§ **WHAT NEEDS TO BE DONE**
Reproduce all of the entries character for character, while leaving out any pictures they contain.

START MATERIALS PROVIDED

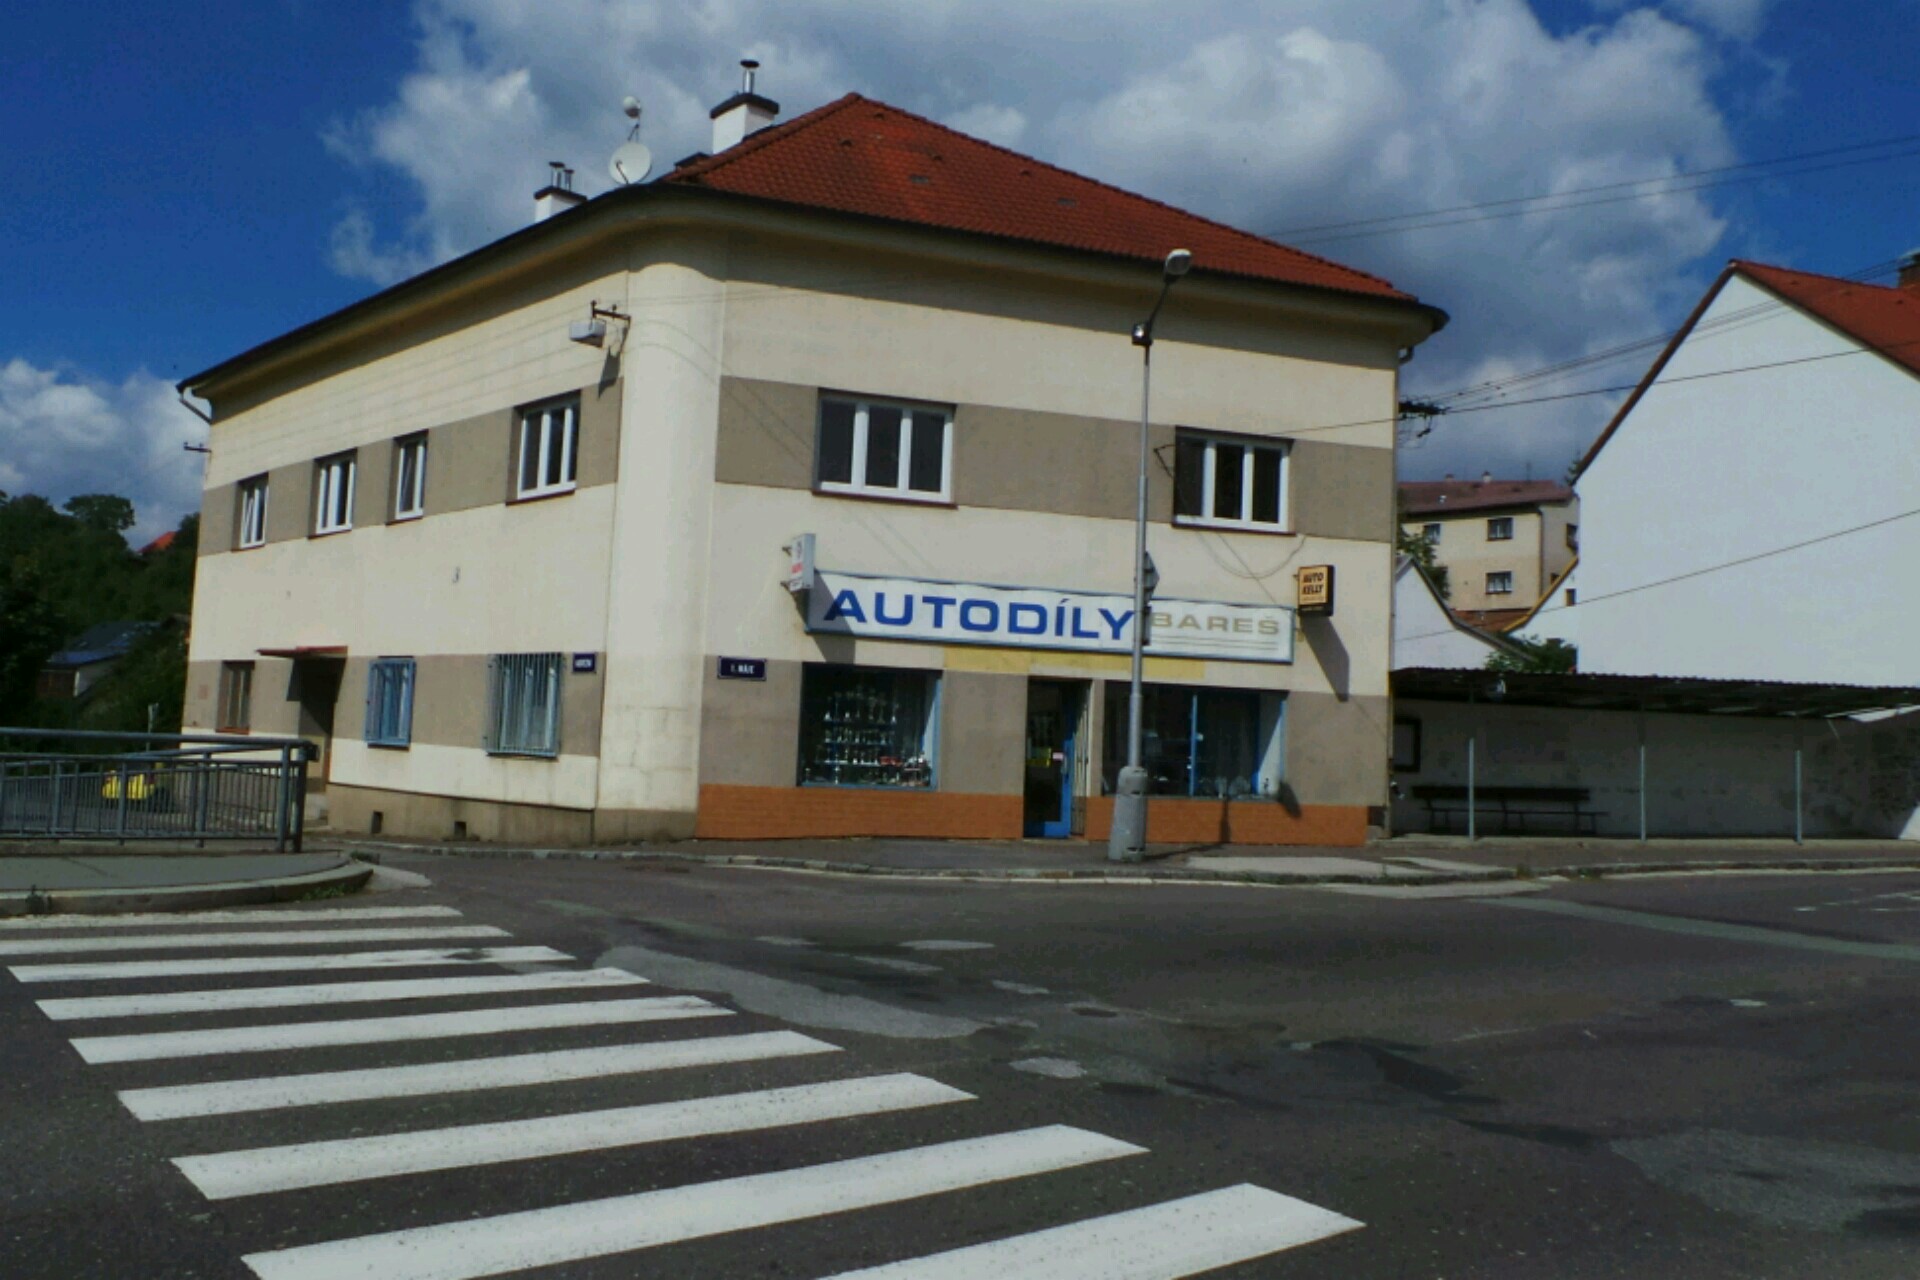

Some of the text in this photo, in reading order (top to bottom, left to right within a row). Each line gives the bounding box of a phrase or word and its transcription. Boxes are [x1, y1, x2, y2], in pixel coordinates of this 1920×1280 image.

[1303, 572, 1324, 583] AUTO
[1302, 584, 1323, 595] KELLY
[824, 589, 1280, 641] AUTODÍLY BAREŠ
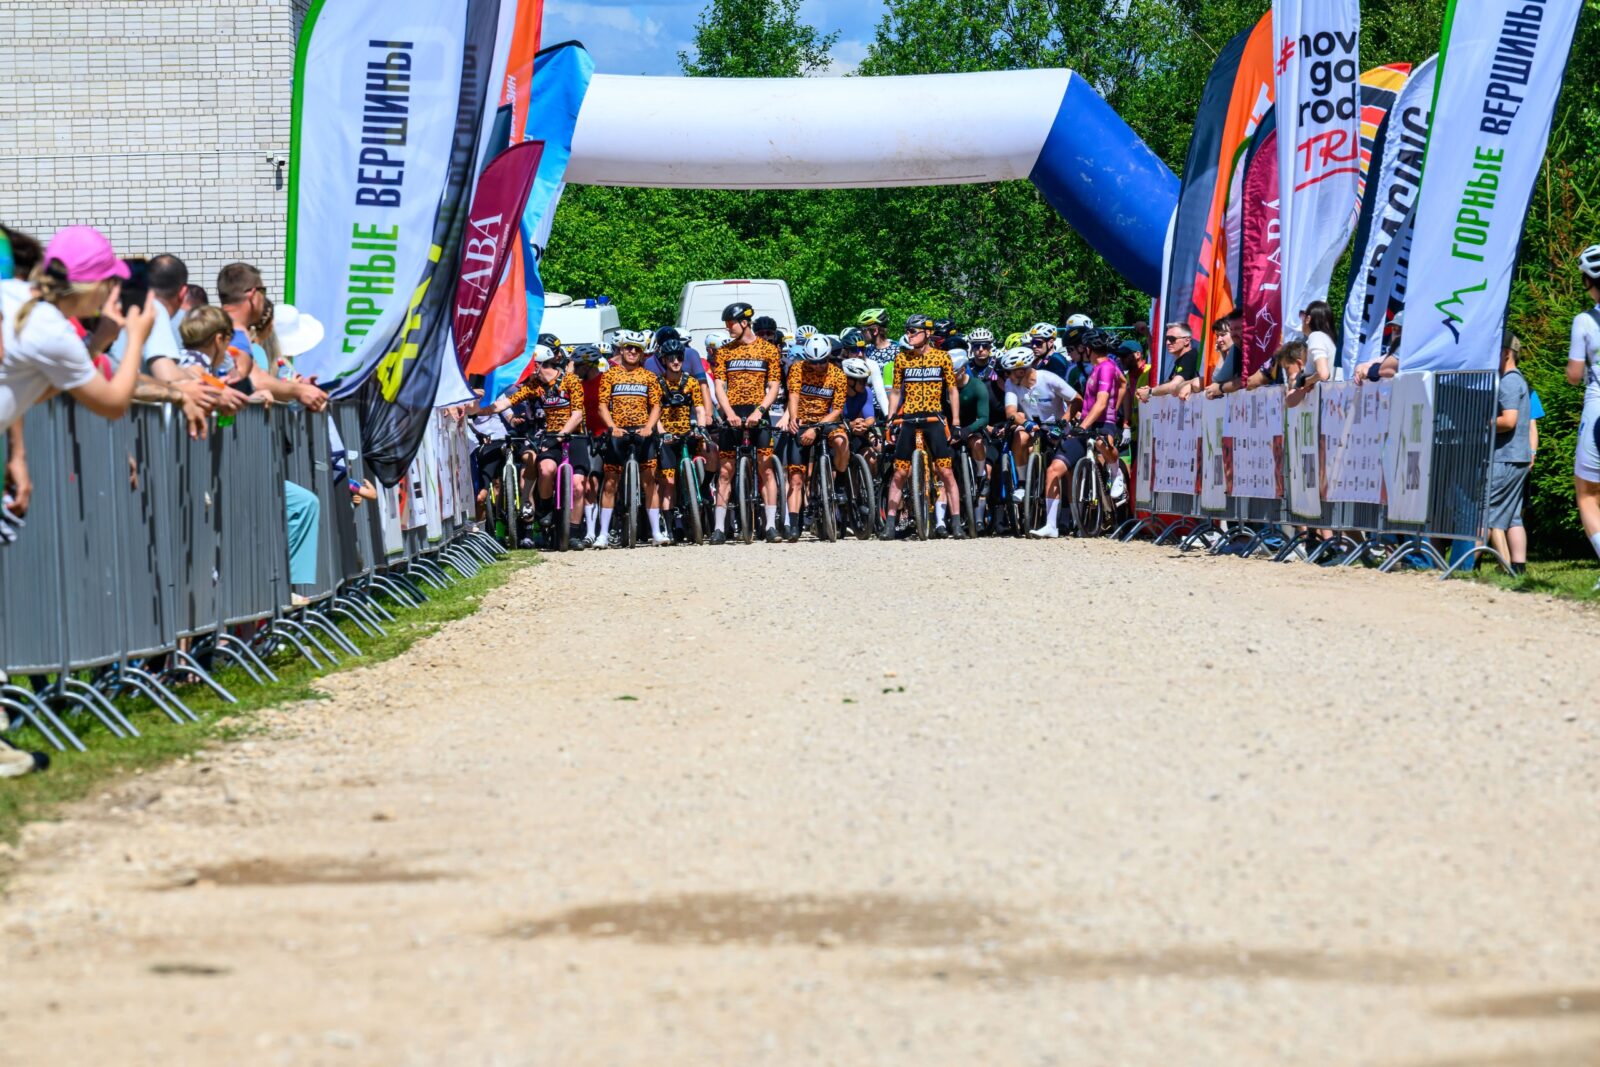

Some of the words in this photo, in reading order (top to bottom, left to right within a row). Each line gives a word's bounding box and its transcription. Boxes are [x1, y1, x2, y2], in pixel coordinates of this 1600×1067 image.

END MATERIALS PROVIDED

§ **RESPONSE FOR THIS EXERCISE**
Some of the text in this photo, in reading order (top to bottom, left to right within a row). Each line gives the bounding box of a phrase or word and its transcription. Boxes are [x1, y1, x2, y2], in pixel coordinates of this 1920×1280 image.

[1303, 572, 1324, 583] AUTO
[1302, 584, 1323, 595] KELLY
[824, 589, 1280, 641] AUTODÍLY BAREŠ

Some of the words in this photo, in reading order (top to bottom, left to right within a row). Each line gives a word's bounding box and its transcription. Boxes are [x1, y1, x2, y2], in pixel coordinates of this 1600×1067 image.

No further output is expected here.